Ivar Moinat, left, with his brother, Maxim
According to international students at Eastern New Mexico University, leaving home and traveling a great distance to pursue their education can be difficult. For these students, transitioning to a new town, state, or country while taking on their new academic adventure can be tough, but it also can have benefits that make it worth the challenge.
Ivar Moinat is an international student from the Netherlands. He was born in Amsterdam and now lives outside the city.
Moinat has lived in the U.S. for two and a half years. He chose to attend ENMU for the track and field team. He got in contact with the coach and liked the plan the coach had for him. He is studying Environmental Science.

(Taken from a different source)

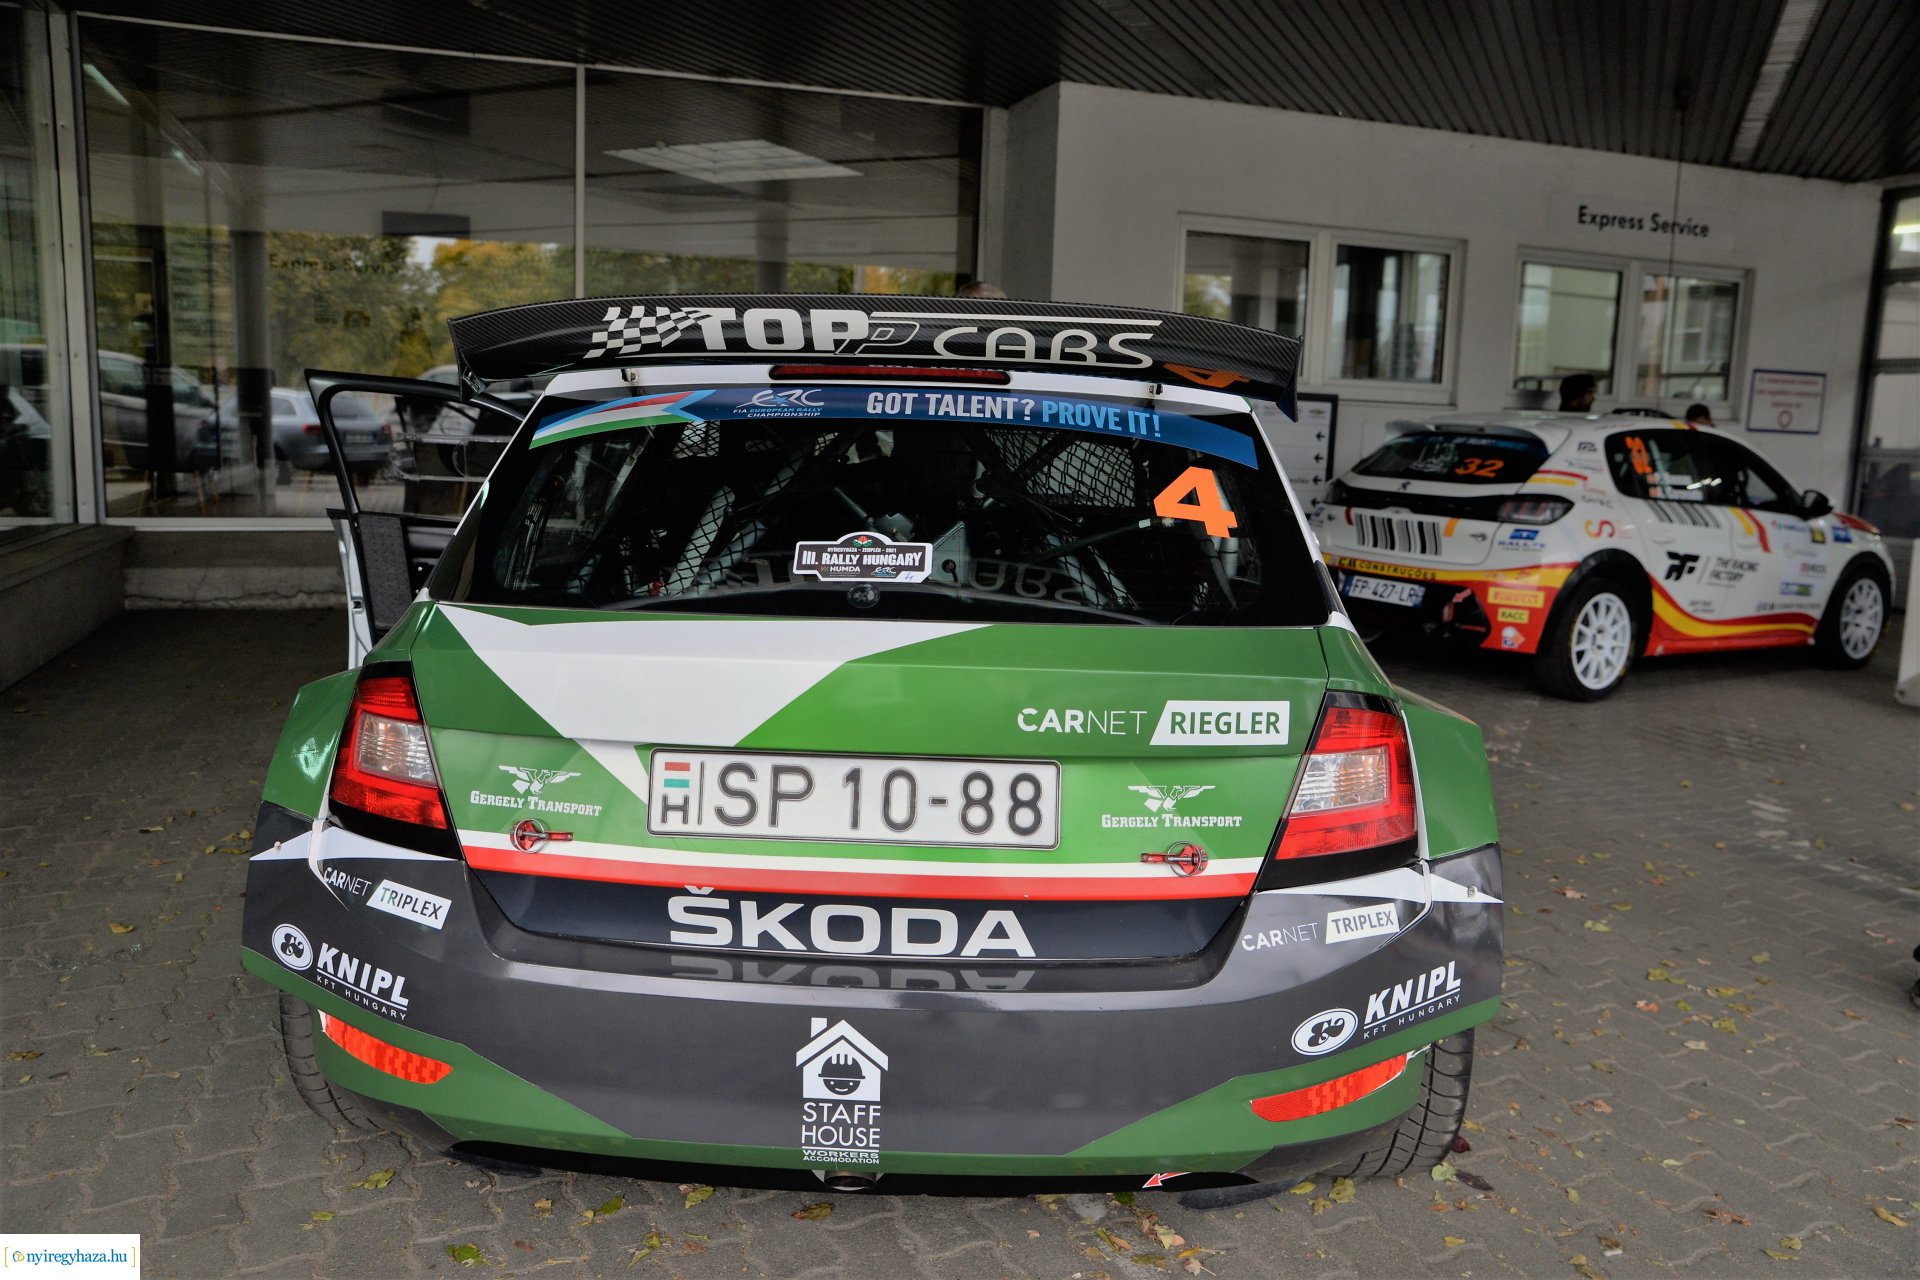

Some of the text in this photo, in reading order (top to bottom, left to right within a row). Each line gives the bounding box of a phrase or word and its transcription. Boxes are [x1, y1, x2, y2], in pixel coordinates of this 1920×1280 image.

Moinat said that the education system from the Netherlands is different than the one in America because their high school is four to six years long including middle school. That can vary depending on how good an individual is in school and which plan they choose. The six-year plan focuses on university, the five-year plan focuses on applied science, and the four-year plan focuses on trade school.

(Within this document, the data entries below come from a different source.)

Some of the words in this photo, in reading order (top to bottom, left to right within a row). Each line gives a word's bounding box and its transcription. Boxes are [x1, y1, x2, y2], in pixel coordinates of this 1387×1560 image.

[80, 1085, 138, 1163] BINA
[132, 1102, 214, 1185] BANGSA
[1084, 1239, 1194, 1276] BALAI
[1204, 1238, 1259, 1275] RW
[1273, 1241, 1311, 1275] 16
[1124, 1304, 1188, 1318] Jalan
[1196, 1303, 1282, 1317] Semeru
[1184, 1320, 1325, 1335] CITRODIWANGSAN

Moinat said that although he does not like to plan far ahead, his plan for now is to live in the Netherlands after school. He said he would like to do something in the environmental area.

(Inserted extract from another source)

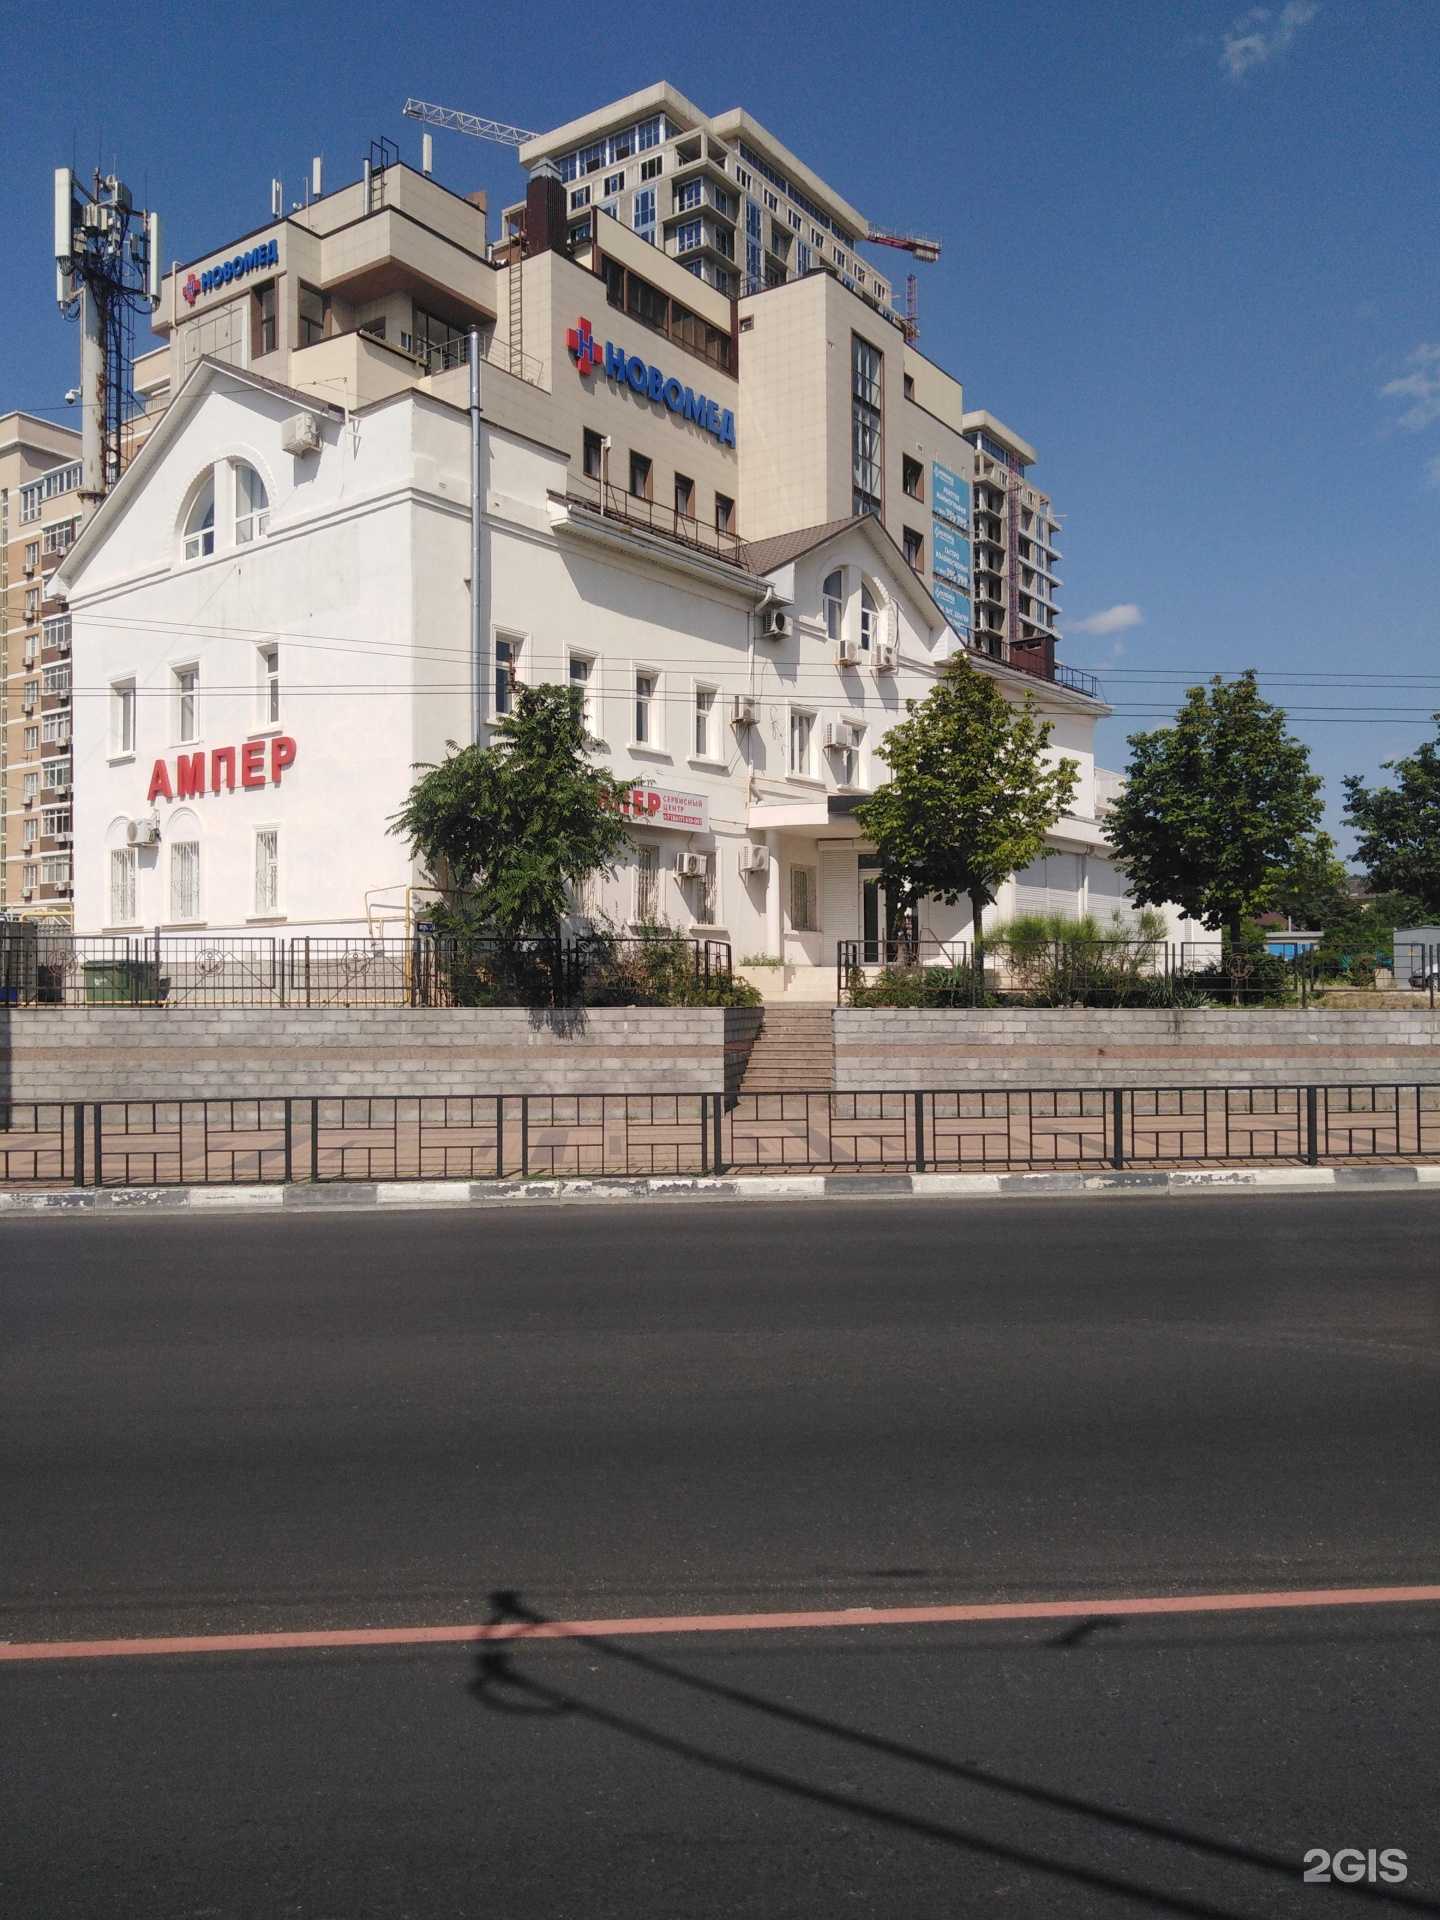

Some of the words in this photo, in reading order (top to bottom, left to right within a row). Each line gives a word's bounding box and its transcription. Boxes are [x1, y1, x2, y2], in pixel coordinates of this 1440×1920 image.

Back home in the Netherlands, Moinat was able to travel everywhere by bike. Moinat said he misses having everything within biking distance. The hardest thing he has faced is missing his friends and family.
“I can’t just drive to them,” said Moinat.
A big cultural difference Moinat noticed is that “everything goes by car here and sometimes I’m lost without one.”
One hardship Moinat faced while transitioning into the American culture was the eating habits.
One thing that helps Moinat when he is having trouble is having a great group of friends. He has learned a lot from other people. Being able to Skype his loved ones back home has also helped him.
During Moinat’s free time he likes to play games, watch television, and sleep.
Katrina Weir is an international student from Barbados who is studying Communication and has been in the United States for seven years.
Weir looked at several schools; her former coach helped persuade her to come to ENMU. She was also interested in the communication department. She visited ENMU twice and the second time she knew this was the school she needed to be at.
Weir said the quality of education at ENMU far surpasses the quality back home.
“The professors are more interested in the students succeeding in their academics and are not willing to give up on them,” said Weir.
Weir, who is an only child, said what she misses the most is her family. She said that prayer and support from her family have made it easier during hard times. Weir also believes that food was a hard transition because it is not healthy.
When asked where she would like to live, Weir said she does not want to put any limits on herself or God, so wherever she ends up, she knows she will be happy.
Weir is very busy, so in her free time, she likes to catch up on sleep and visit her U.S. family and her best friend, who lives in Hobbs.